Sempre digo que nunca me arrependo das minhas escolhas e decisões. A frase é um pouco exagerada. É raro realmente eu me arrepender, mas é possível. Quando? Nas situações em que pratico a burrice. E agora preciso lhes explicar o que entendo por tal coisa. Antes, a frase de efeito que gosto de propalar: a burrice sempre tem um preço, e é muito alto.
"burro", "burrice", "estultice" geralmente são palavras usadas em contextos em que queremos falar ou da falta de uma capacidade, ou da negligência de uma responsabilidade. Quando alguém diz "fulano é burro", e atenção aqui para o "é", está querendo dizer que falta a este sujeito alguma capacidade. Talvez ele não seja bom em uma matéria qualquer e alguém já lhe lança a ofensa, "seu burro". Penso que este não seja um bom uso da palavra, embora seja corriqueiro e eu esteja muito longe de querer legislar sobre a linguagem, o que realmente seria uma estultice. Contudo, imagine uma pessoa disléxica cuja capacidade de leitura é, então, deficitária. Embora alguns possam jocosamente se referir à leitura dessa pessoa como burra, há uma certa incongruência em fazê-lo. O disléxico não tem culpa pela sua deficiência. Ele simplesmente a tem. E "burro" é uma palavra de carga negativa, ela segrega, ela estigmatiza, ela contém um tom de reprovação moral. E não parece fazer muito sentido reprovar alguém por ter uma deficiência pela qual ela não é, nem foi responsável. Em todo caso, algumas capacidades podem ser adquiridas e mesmo desenvolvidas e, nesses casos, quando há uma falta e chamamos a pessoa de burra, não estamos tanto nos referindo a sua falta, mas a sua irresponsabilidade ou desleixo em não desenvolvê-la. Se eu digo que quero aprender a jogar bem xadrez, mas não treino muito e, a o me verem jogar mal, alguém diz "o cara ali está sendo burro", o que ele está dizendo é que estou sendo desleixado e negligente ao não tentar desenvolver a minha capacidade de jogar xadrez.

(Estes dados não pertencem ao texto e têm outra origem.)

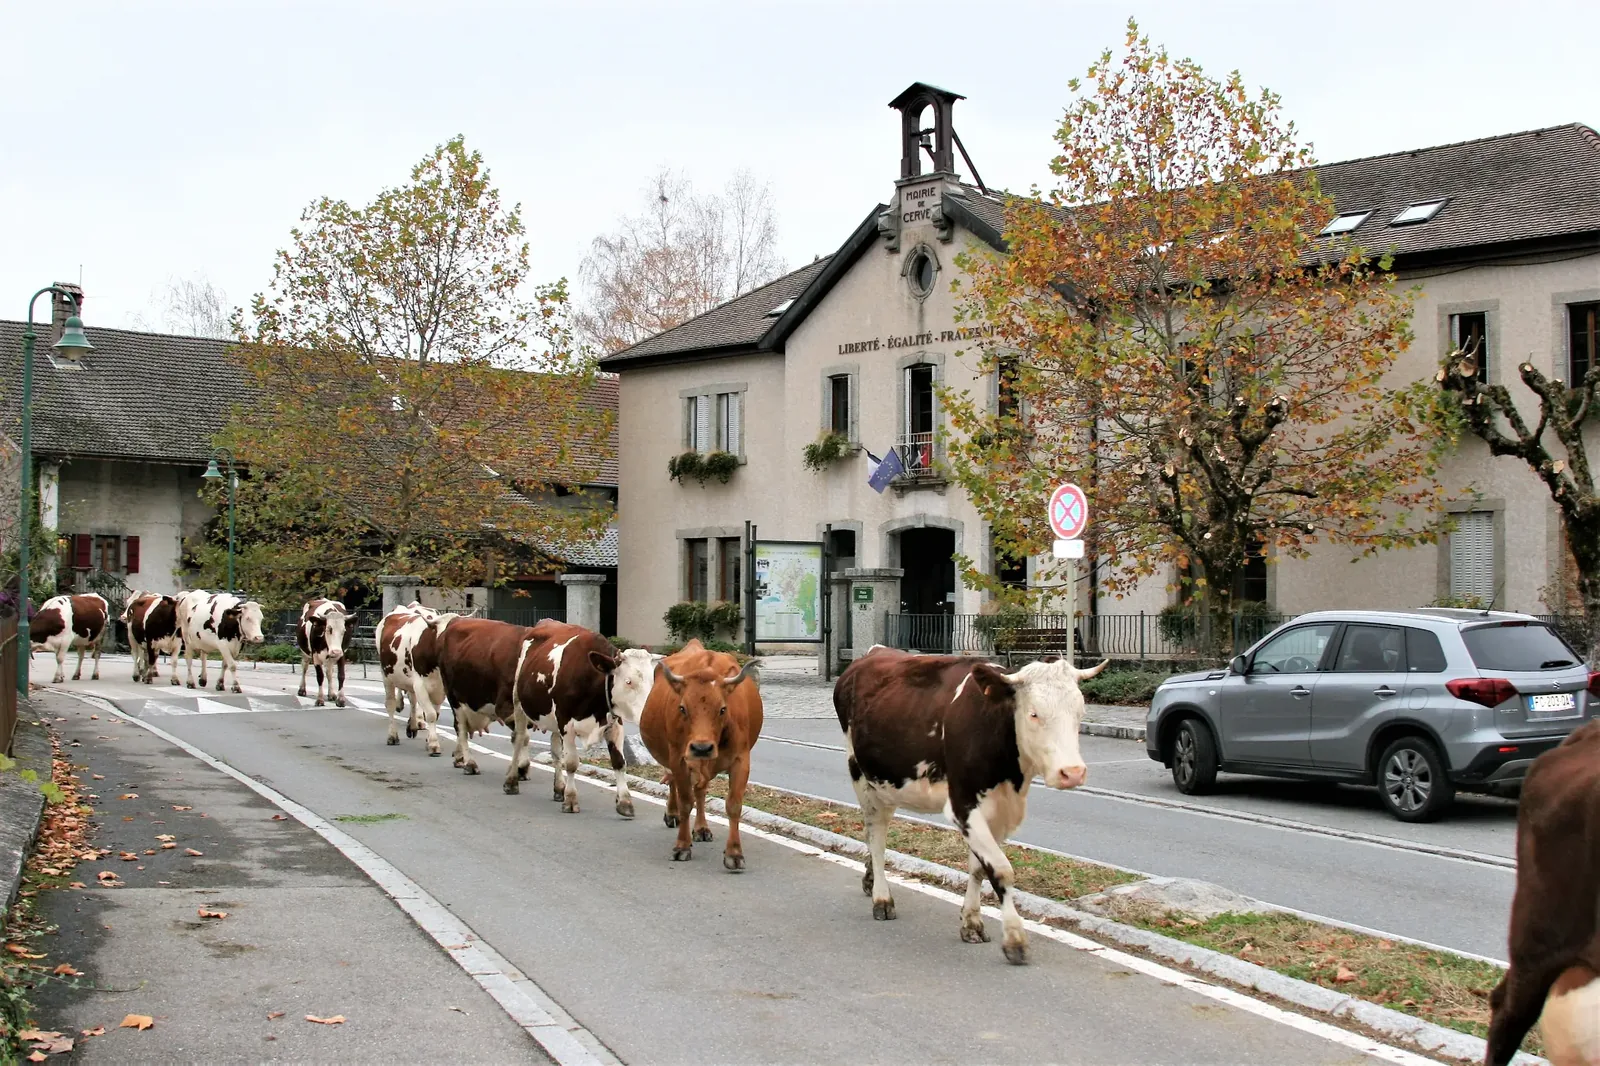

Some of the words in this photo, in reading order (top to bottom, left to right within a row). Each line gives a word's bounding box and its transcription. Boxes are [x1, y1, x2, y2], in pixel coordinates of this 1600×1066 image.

[906, 187, 936, 201] MAIRIE
[838, 337, 880, 355] LIBERTÉ
[887, 330, 933, 349] ÉGALITÉ

Então chegamos nessa segunda acepção da burrice, que não tem nada a ver com faltas cognitivas, mas sim com desleixo, negligência e irresponsabilidade. Este tipo de burrice está mais para um acontecimento, ela ocorre quando você sabe que seria melhor fazer X, mas acaba fazendo não-X. Daí até dizermos, nesses casos, que "fulano foi burro", não que ele seja. Por exemplo, fulano, universitário instruído, sabe tudo sobre a transmissão de DSTs, saí numa baladinha, conhece uma gostosinha, e acaba transando com ela sem camisinha, no furor lá do seu tesão. Ele sabe que não estava fazendo o melhor para si, mas fez mesmo assim. Foi burro. E a sua burrice pode vir a lhe custar muito cara, como disse. Ela sempre tem um preço elevado. Se vai ser cobrado ou não é, em parte, uma questão de sorte ou azar. Mas se for cobrado, não tem para onde chorar. Enfim, sempre que tenho um conhecimento e o negligencio nas minhas ações, fazendo o contrário do esperado, estou sendo burro e legitimo que outros apontam para mim e digam "ele foi burro!".

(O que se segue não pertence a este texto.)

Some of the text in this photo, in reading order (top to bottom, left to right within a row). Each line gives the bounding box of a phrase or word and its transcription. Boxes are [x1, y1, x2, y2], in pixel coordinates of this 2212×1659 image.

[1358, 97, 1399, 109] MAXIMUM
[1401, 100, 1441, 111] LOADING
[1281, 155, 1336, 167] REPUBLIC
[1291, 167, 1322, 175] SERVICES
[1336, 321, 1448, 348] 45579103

Este tipo de burrice não ocorre apenas quando você negligencia um conhecimento, ocorre também quando você ignora um valor que lhe é fundamental. O preço a pagar, nesse caso, será a auto-flagelação da sua própria consciência. Nada mais burro do que ser infiel a si mesmo e amargar depois a dor de enojar-se de si.

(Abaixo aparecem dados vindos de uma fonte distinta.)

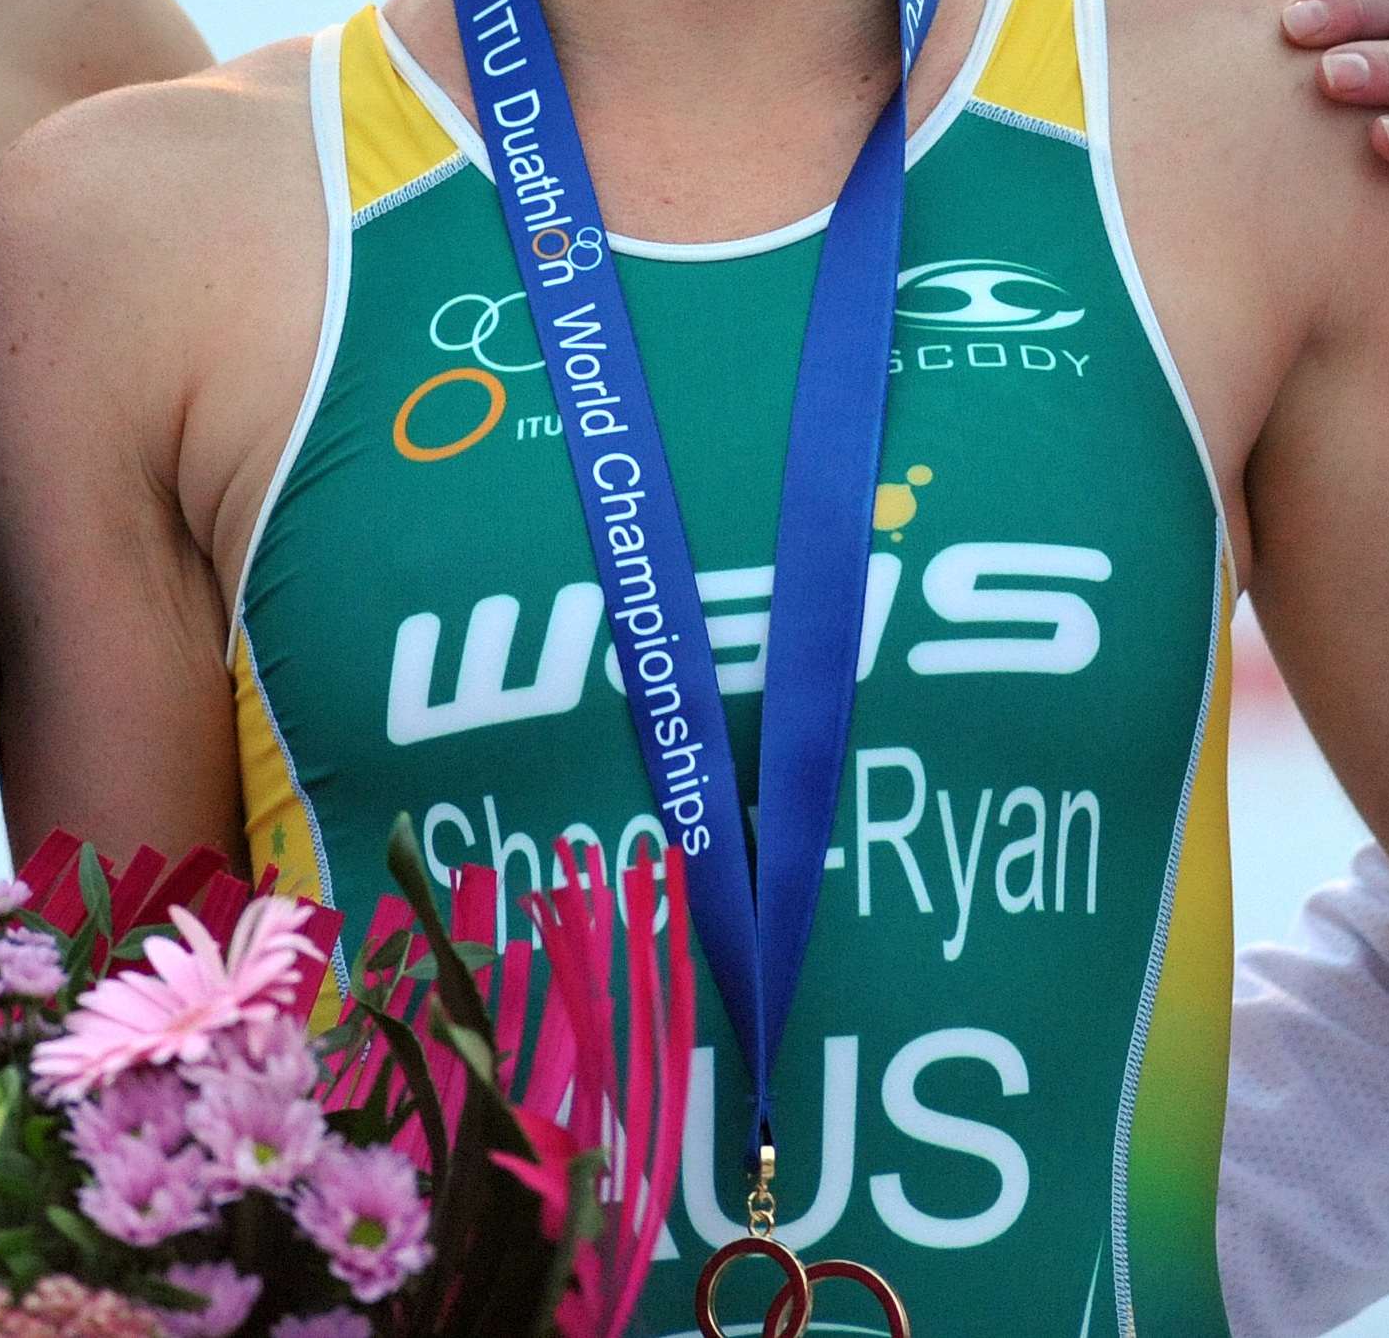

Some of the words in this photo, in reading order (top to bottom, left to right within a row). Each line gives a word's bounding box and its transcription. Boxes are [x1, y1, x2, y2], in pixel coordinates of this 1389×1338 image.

Assim todos os arrependimentos que tive em minha vida se resumem em todas as vezes em que fui burro, pois todas as minhas burrices me custaram muito e nem sempre pude contar com a sorte de uma dívida não cobrada. De outro modo, jamais me arrependo, mesmo que, mais tarde, adquirindo NOVAS informações e conhecimentos, eu perceba que decisões passadas não foram as melhores. Mas, se, no passado, foram as melhores, então não tenho porque me arrepender. Fiz o melhor de mim e, principalmente, fui fiel a mim mesmo. Jamais me arrependo por ser fiel a mim mesmo, ainda que mais tarde eu perceba, guiado por novos conhecimentos, que não tomei o melhor caminho. E julgar o meu eu passado pelo meu eu presente seria, aí sim, uma grande estultice, uma irresponsabilidade sem tamanha comigo mesmo e a minha auto-estima.